PROVIDED RECORDS:
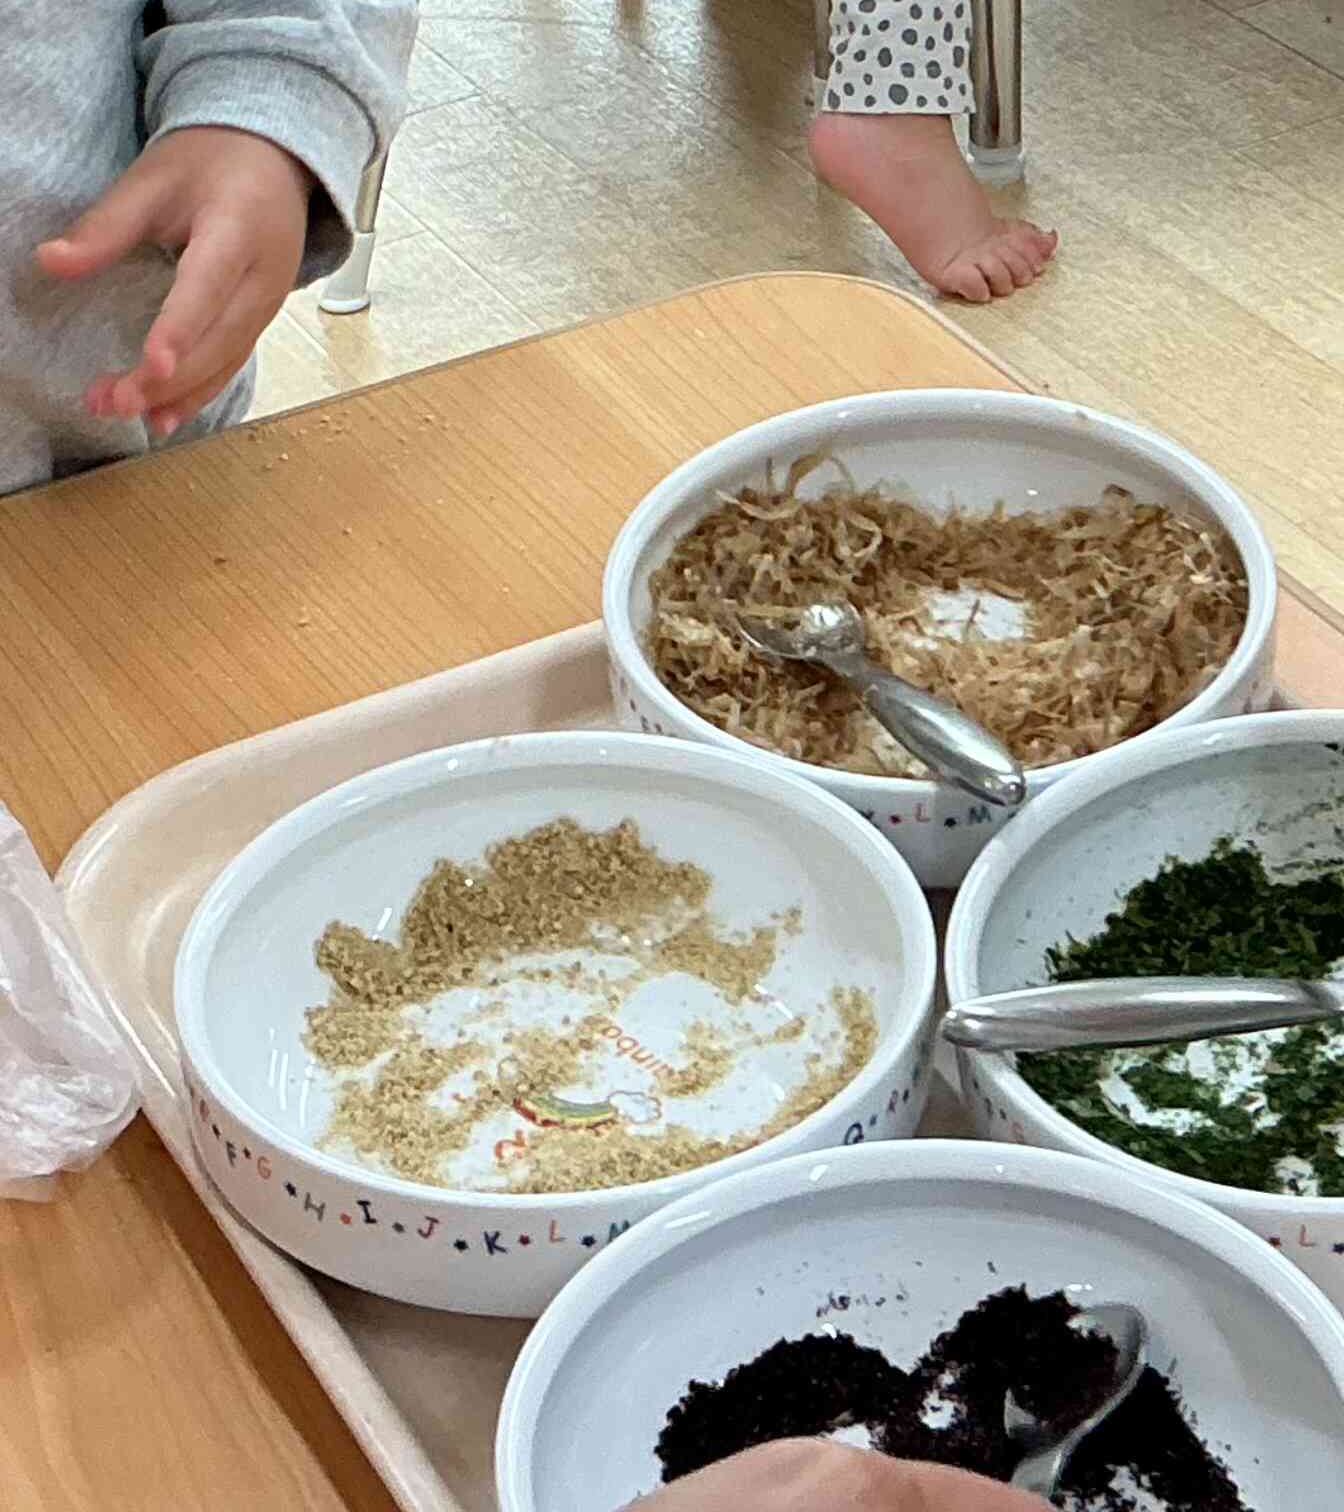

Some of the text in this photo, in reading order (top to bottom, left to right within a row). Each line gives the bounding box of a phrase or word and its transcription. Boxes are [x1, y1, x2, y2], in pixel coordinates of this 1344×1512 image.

[914, 803, 993, 824] L M
[257, 1156, 273, 1180] G
[304, 1192, 326, 1222] H
[356, 1200, 378, 1224] I
[417, 1215, 440, 1239] J
[483, 1230, 507, 1255] K
[548, 1218, 566, 1244] L
[1298, 1223, 1316, 1248] L
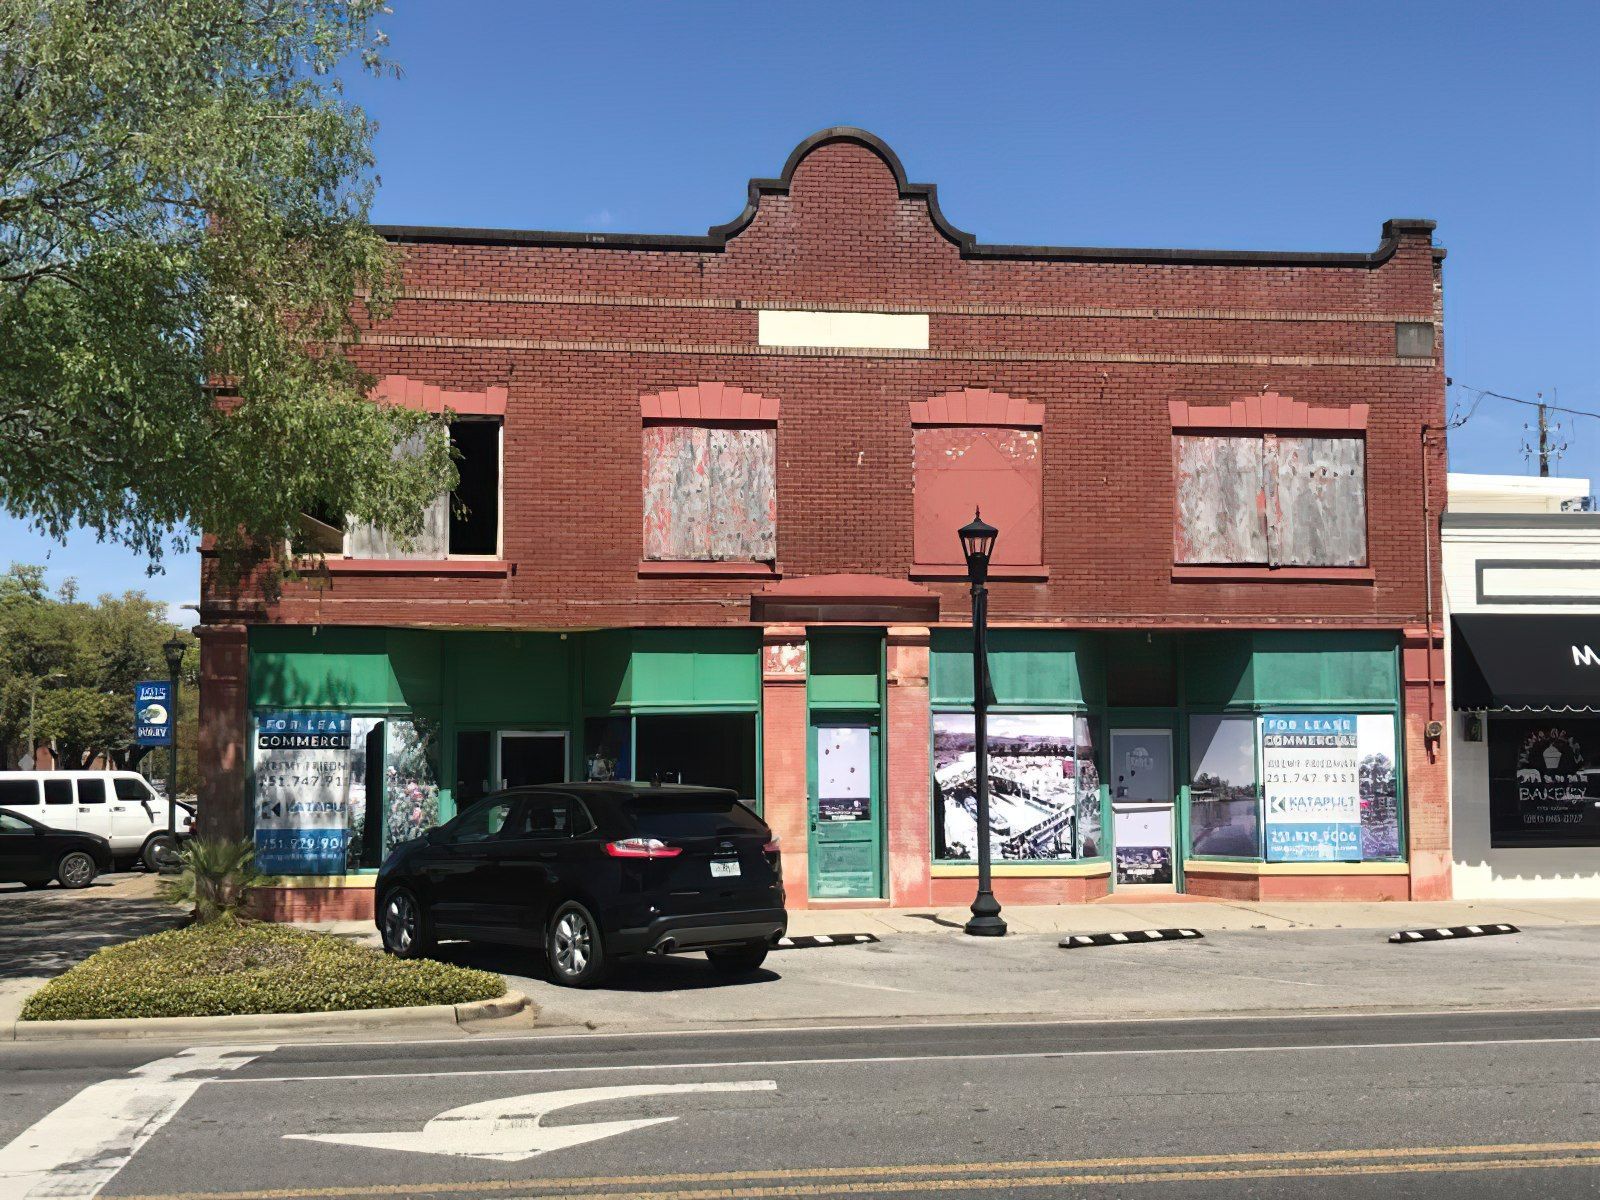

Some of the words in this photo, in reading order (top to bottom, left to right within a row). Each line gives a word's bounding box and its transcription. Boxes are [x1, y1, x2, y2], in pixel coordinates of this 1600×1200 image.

[1269, 719, 1297, 730] FOR
[1304, 719, 1351, 730] LEASE
[1289, 796, 1356, 808] KATAPULT

WORK INSTRUCTION:
Return the entries verbatim, pictures excluded.

REPLY TO THE EXERCISE:
Some of the text in this photo, in reading order (top to bottom, left to right within a row). Each line gives the bounding box of a phrase or word and its transcription. Boxes are [x1, y1, x2, y2], in pixel coordinates of this 1344×1512 image.

[914, 803, 993, 824] L M
[257, 1156, 273, 1180] G
[304, 1192, 326, 1222] H
[356, 1200, 378, 1224] I
[417, 1215, 440, 1239] J
[483, 1230, 507, 1255] K
[548, 1218, 566, 1244] L
[1298, 1223, 1316, 1248] L

Some of the words in this photo, in reading order (top to bottom, left to right within a row). Each line gives a word's bounding box and its transcription. Boxes are [x1, y1, x2, y2], in pixel coordinates of this 1600×1200 image.

[1269, 719, 1297, 730] FOR
[1304, 719, 1351, 730] LEASE
[1289, 796, 1356, 808] KATAPULT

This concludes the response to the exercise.